The offender reported that he had been married twice. The first marriage lasted between age 27 and 34 years. He has two daughters by that relationship, now aged 28 and 30 years, but has become estranged from them. He maintains some contact through their mother, albeit indirectly.

The offender remarried in 2005. That was a difficult relationship as his partner was from mainland China and she apparently had trouble assimilating in Hong Kong. She was also put off by the fact that he had contracted hepatitis B. A daughter was born of that relationship in 2007, but the couple eventually separated in 2012. This offender has remained active in his daughter's life and continues to maintain contact by telephone. I note that photographs of his young daughter were placed before the Court in these proceedings.
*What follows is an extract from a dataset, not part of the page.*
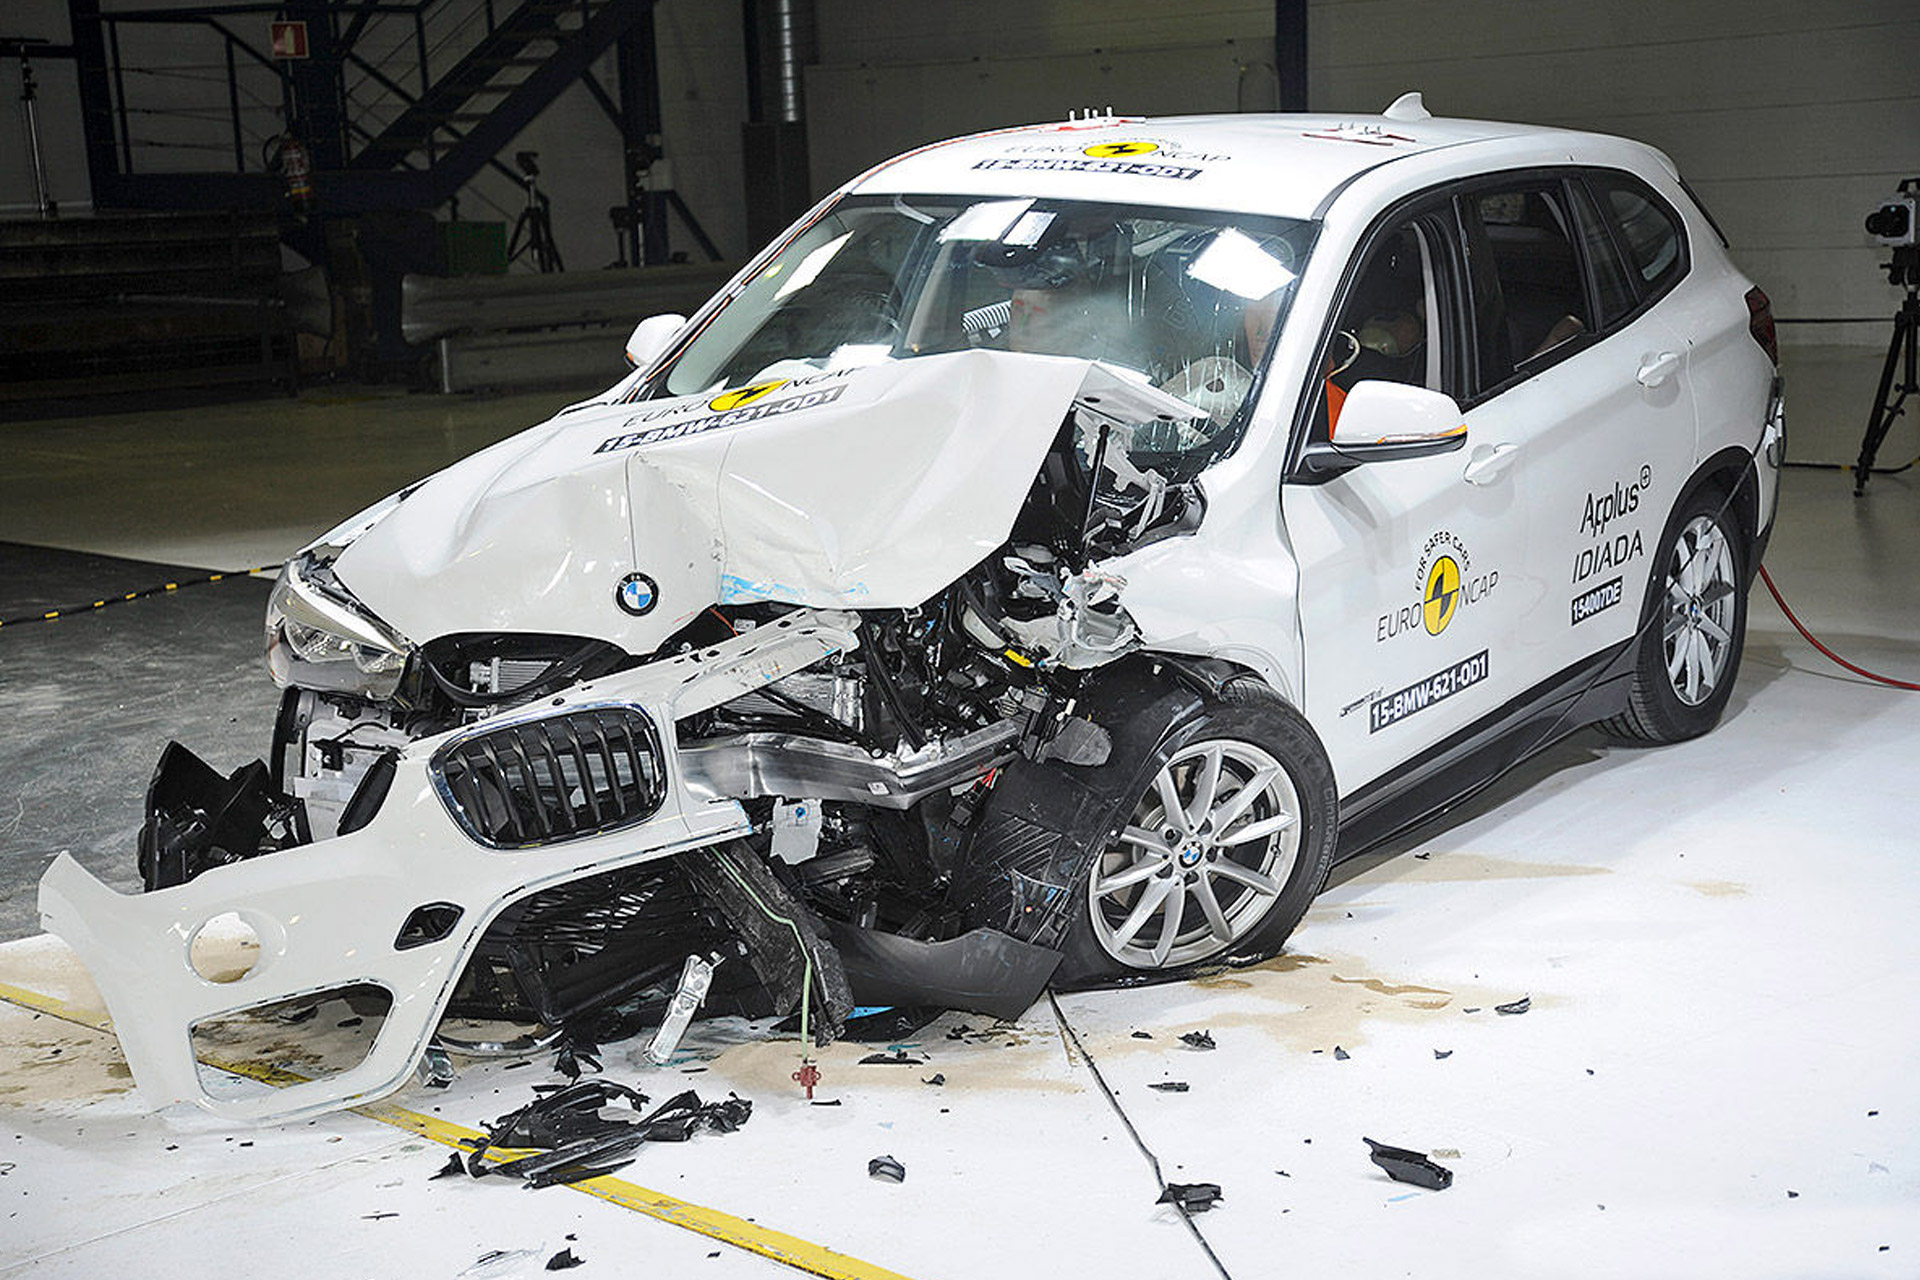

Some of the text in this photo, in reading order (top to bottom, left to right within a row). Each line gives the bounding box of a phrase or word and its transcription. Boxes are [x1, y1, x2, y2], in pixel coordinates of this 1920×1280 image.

The offender reported having been diagnosed with hepatitis B in 2010. He said he spent a significant amount of money treating the disease with traditional Chinese medicine, but is currently untreated. He made no reports of any acute mental illness. Mr Sheehan noted that the previous report by Ms Mclnnis suggested a history of gambling disorder in extended remission. He exhibits no obvious intellectual disabilities and there is no compelling evidence of a disorder of personality.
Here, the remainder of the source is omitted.